• [Task prompt]: Verbatim reproduction of the entries is required; images must be omitted.

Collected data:
......

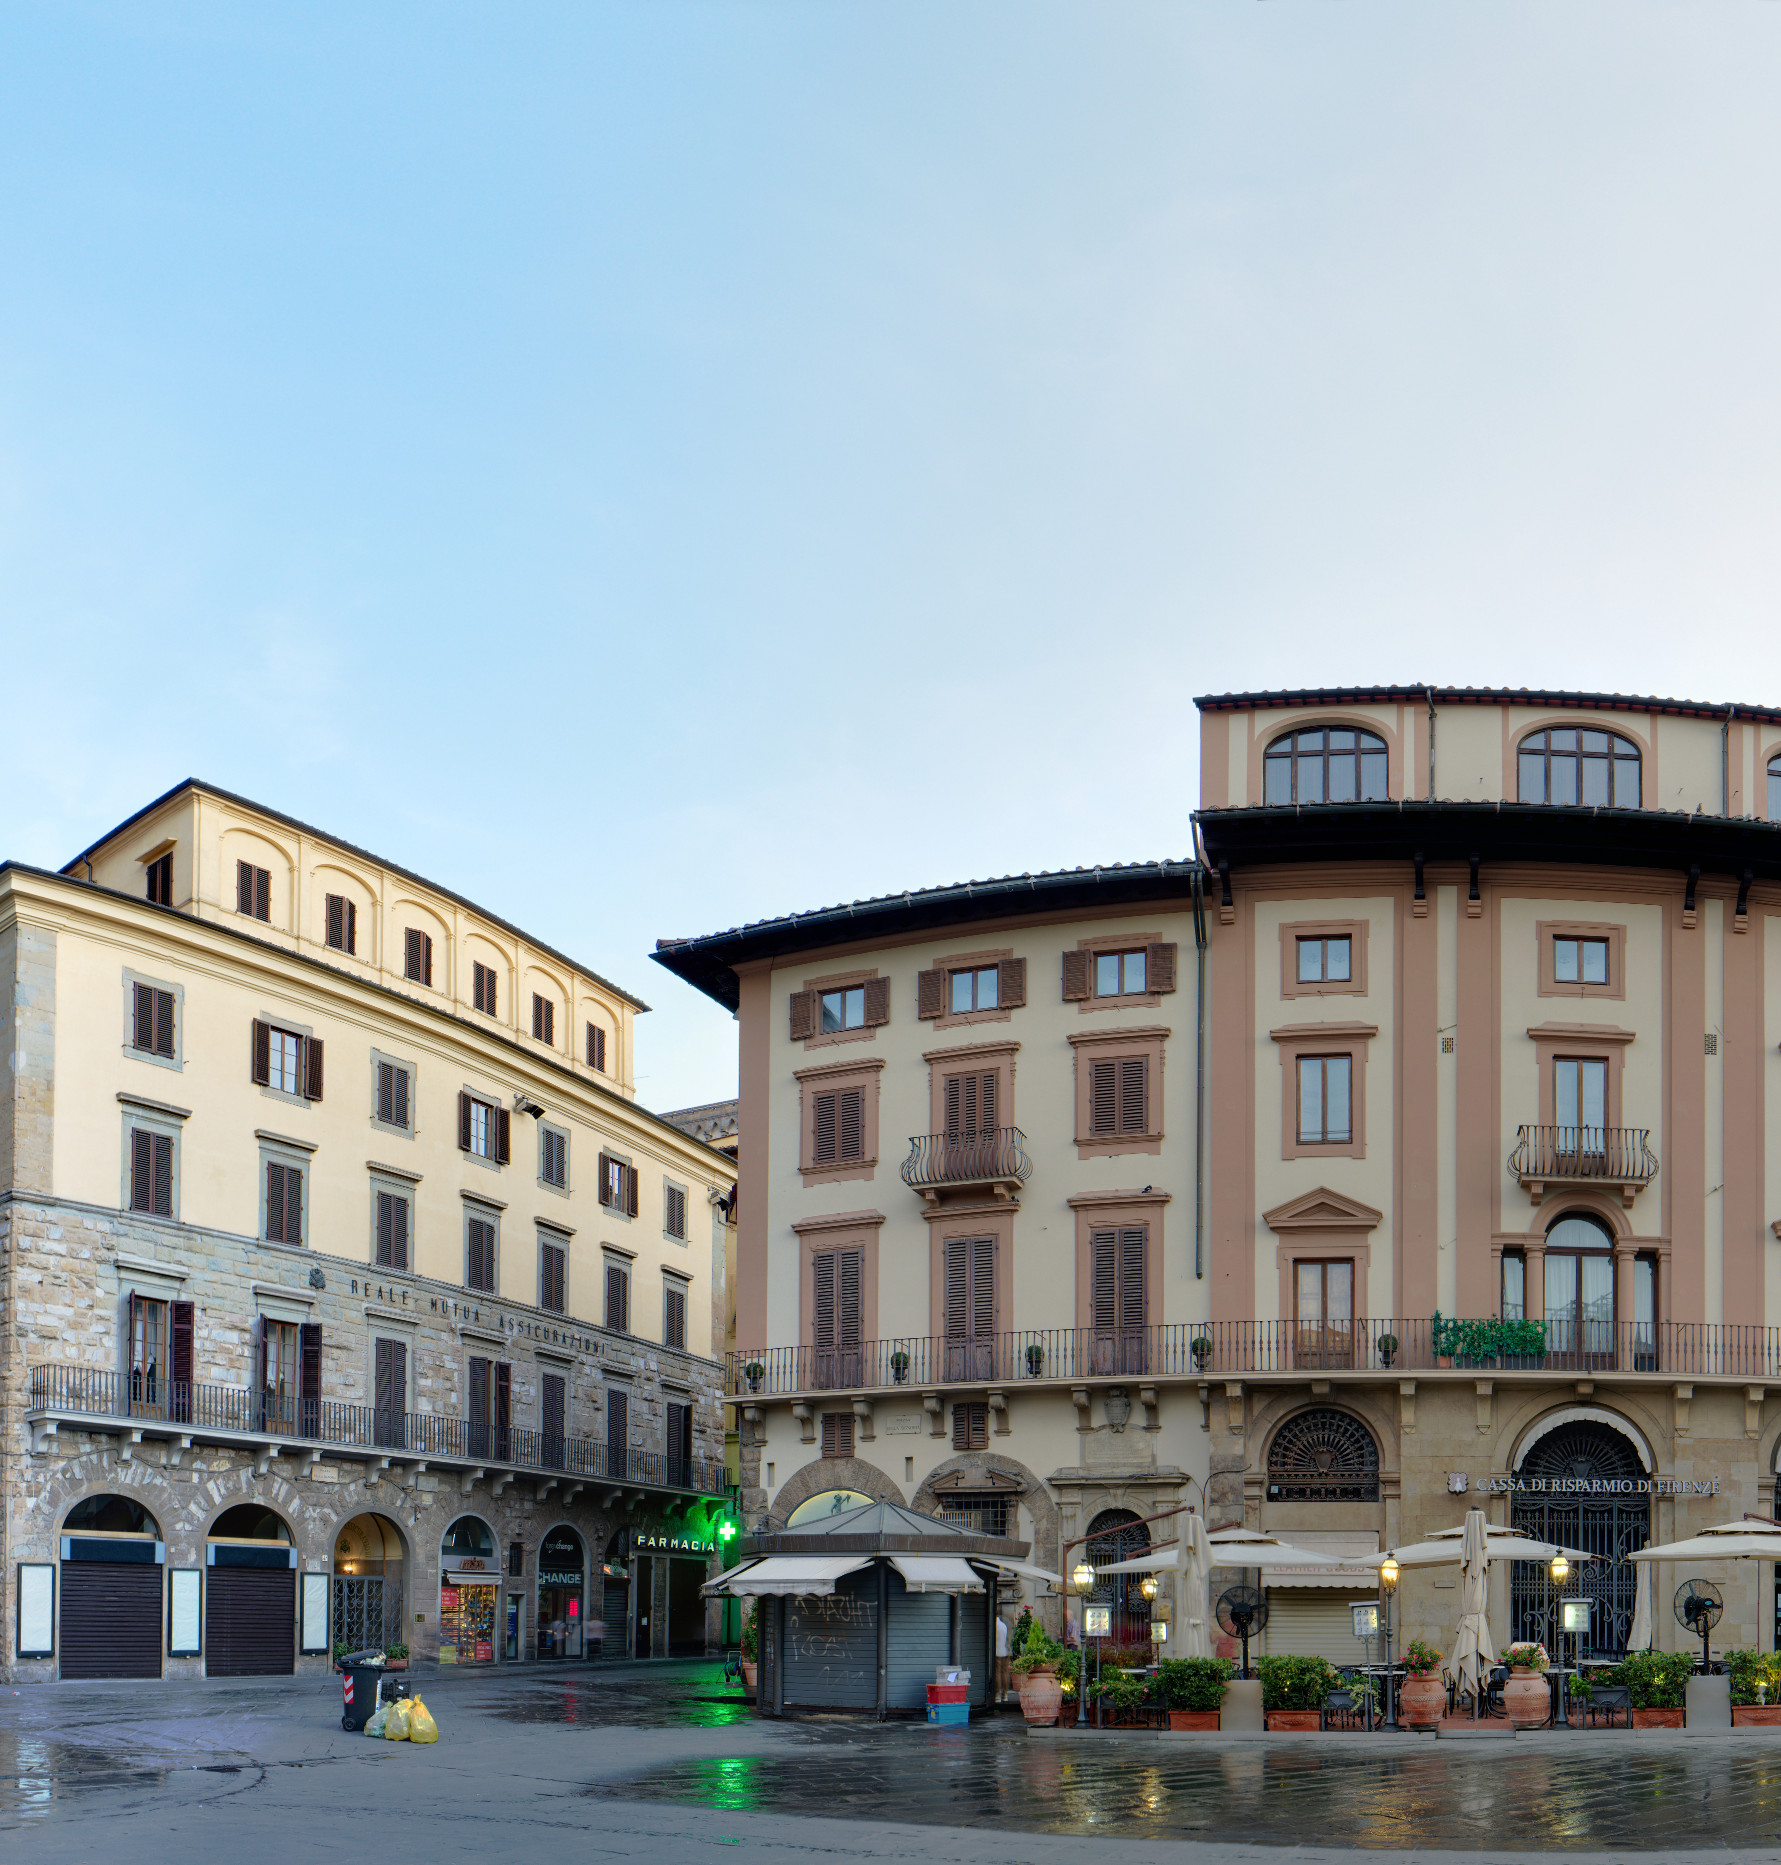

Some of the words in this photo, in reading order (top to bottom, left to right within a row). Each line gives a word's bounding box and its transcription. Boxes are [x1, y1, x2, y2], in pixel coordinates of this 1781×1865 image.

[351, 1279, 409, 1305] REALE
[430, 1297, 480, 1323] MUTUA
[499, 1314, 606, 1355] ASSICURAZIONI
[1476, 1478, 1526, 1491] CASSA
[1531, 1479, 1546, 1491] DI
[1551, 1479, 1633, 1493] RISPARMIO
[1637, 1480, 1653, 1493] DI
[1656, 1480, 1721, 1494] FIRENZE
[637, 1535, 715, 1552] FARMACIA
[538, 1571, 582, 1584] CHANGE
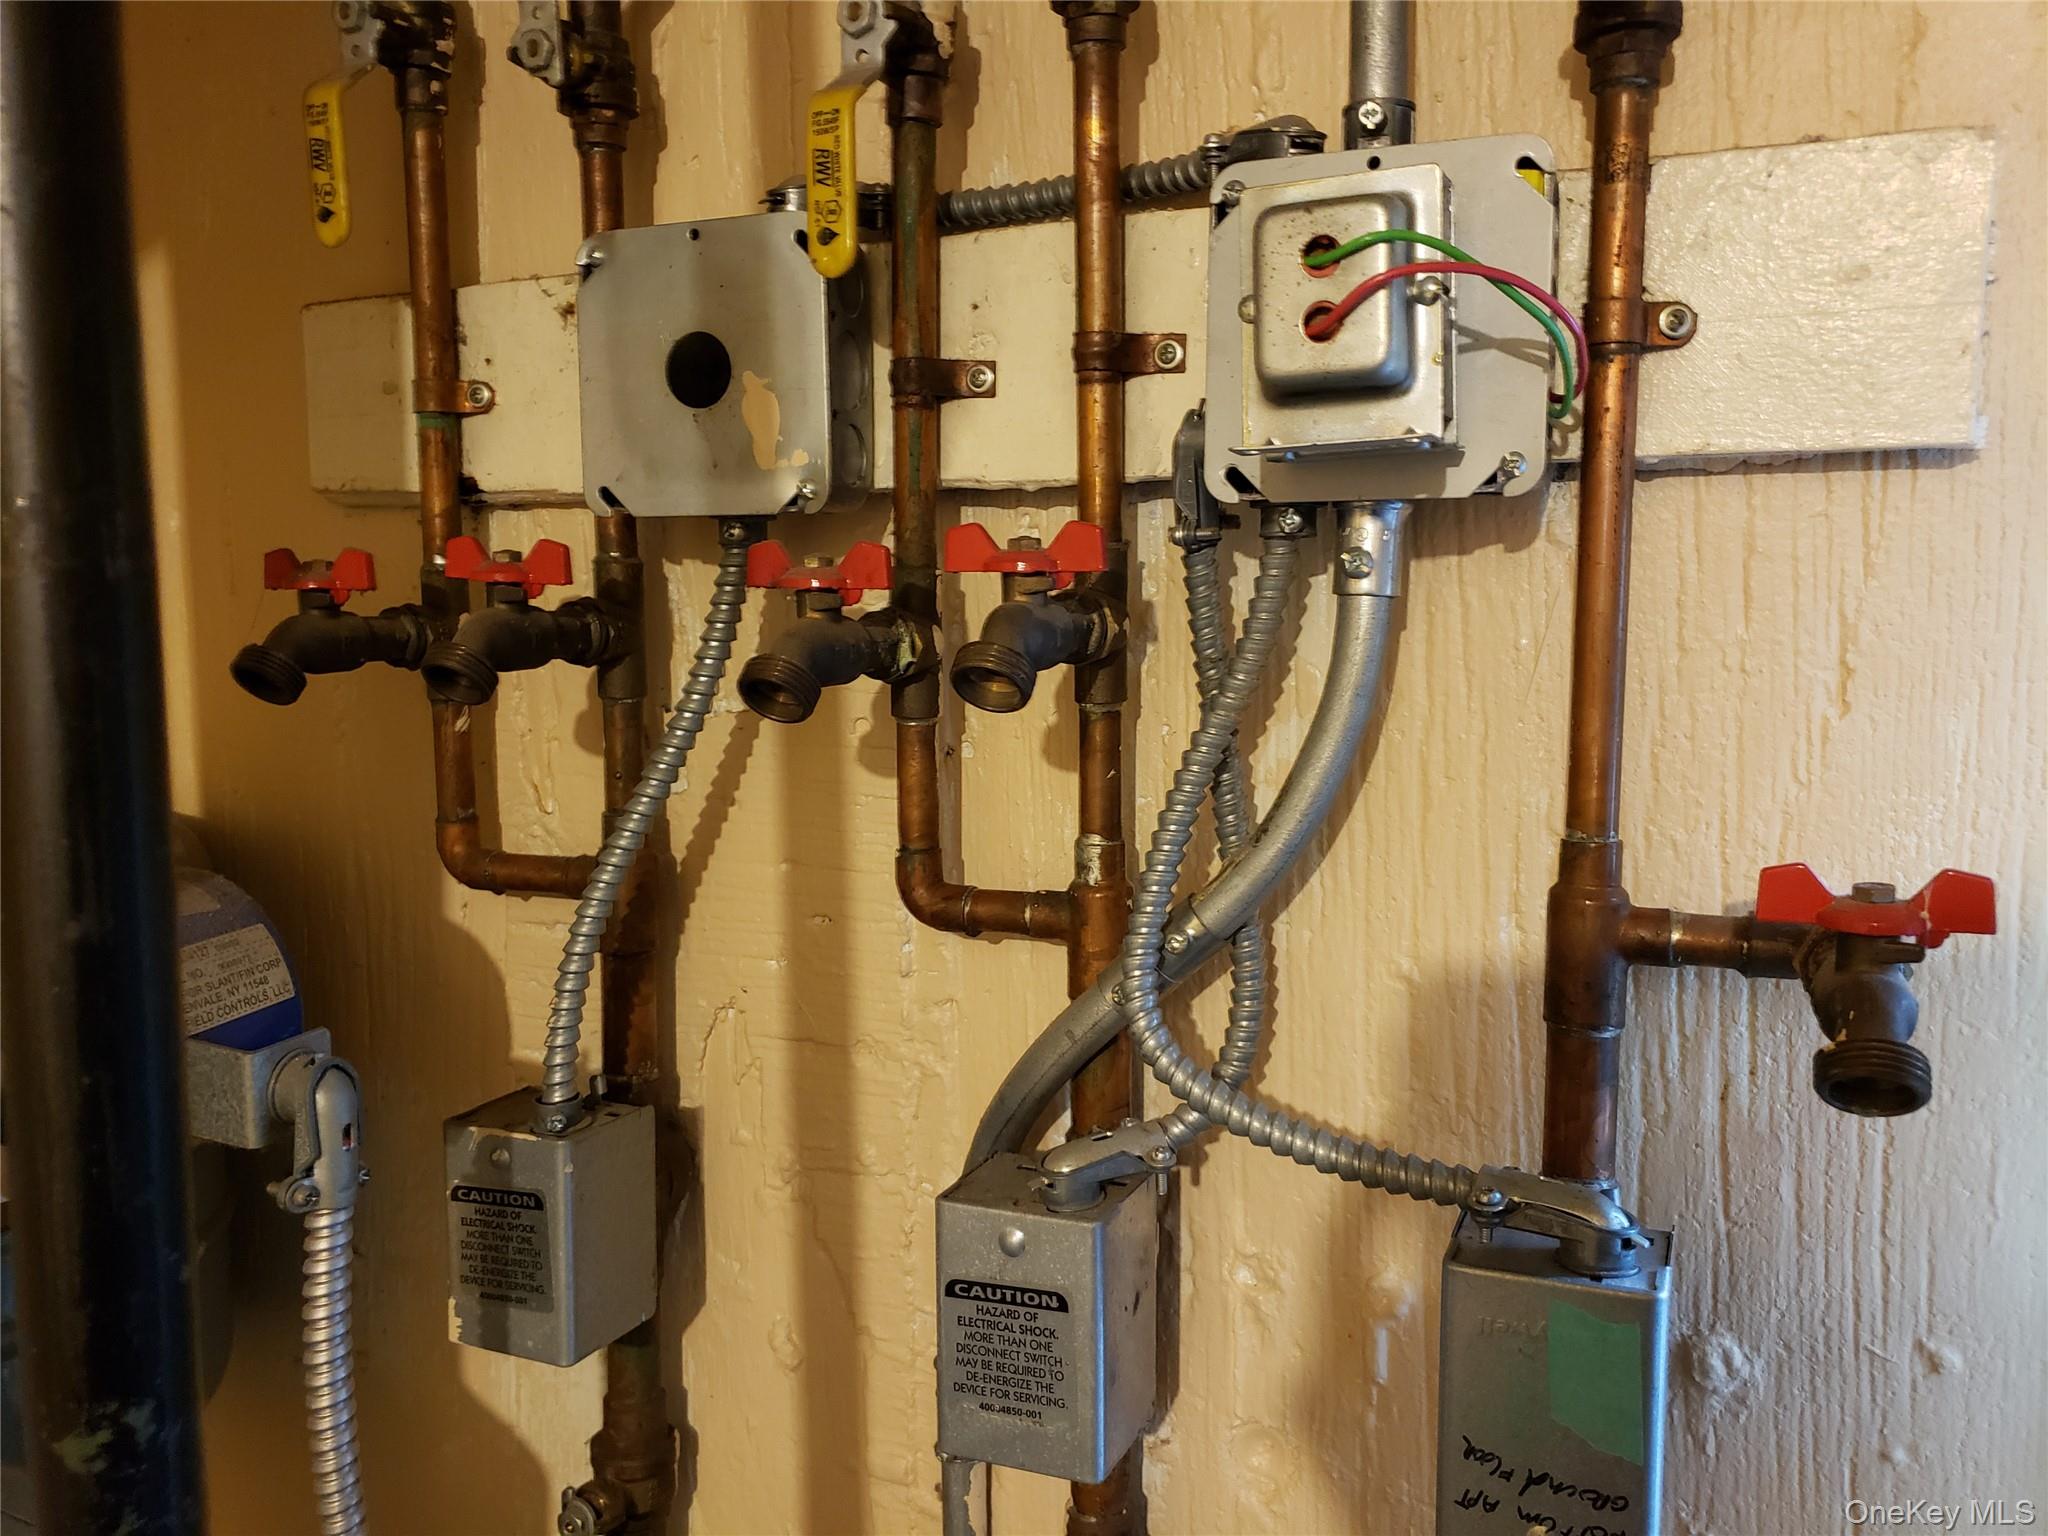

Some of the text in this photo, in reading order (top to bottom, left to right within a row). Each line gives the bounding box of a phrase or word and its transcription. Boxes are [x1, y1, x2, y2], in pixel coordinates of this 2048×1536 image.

......

• [Result of this exercise]:
Some of the words in this photo, in reading order (top to bottom, left to right within a row). Each line gives a word's bounding box and its transcription. Boxes are [x1, y1, x2, y2], in pixel coordinates of this 1781×1865 image.

[351, 1279, 409, 1305] REALE
[430, 1297, 480, 1323] MUTUA
[499, 1314, 606, 1355] ASSICURAZIONI
[1476, 1478, 1526, 1491] CASSA
[1531, 1479, 1546, 1491] DI
[1551, 1479, 1633, 1493] RISPARMIO
[1637, 1480, 1653, 1493] DI
[1656, 1480, 1721, 1494] FIRENZE
[637, 1535, 715, 1552] FARMACIA
[538, 1571, 582, 1584] CHANGE

Some of the text in this photo, in reading order (top to bottom, left to right within a row). Each line gives the bounding box of a phrase or word and its transcription. Boxes are [x1, y1, x2, y2], in pixel coordinates of this 2048×1536 image.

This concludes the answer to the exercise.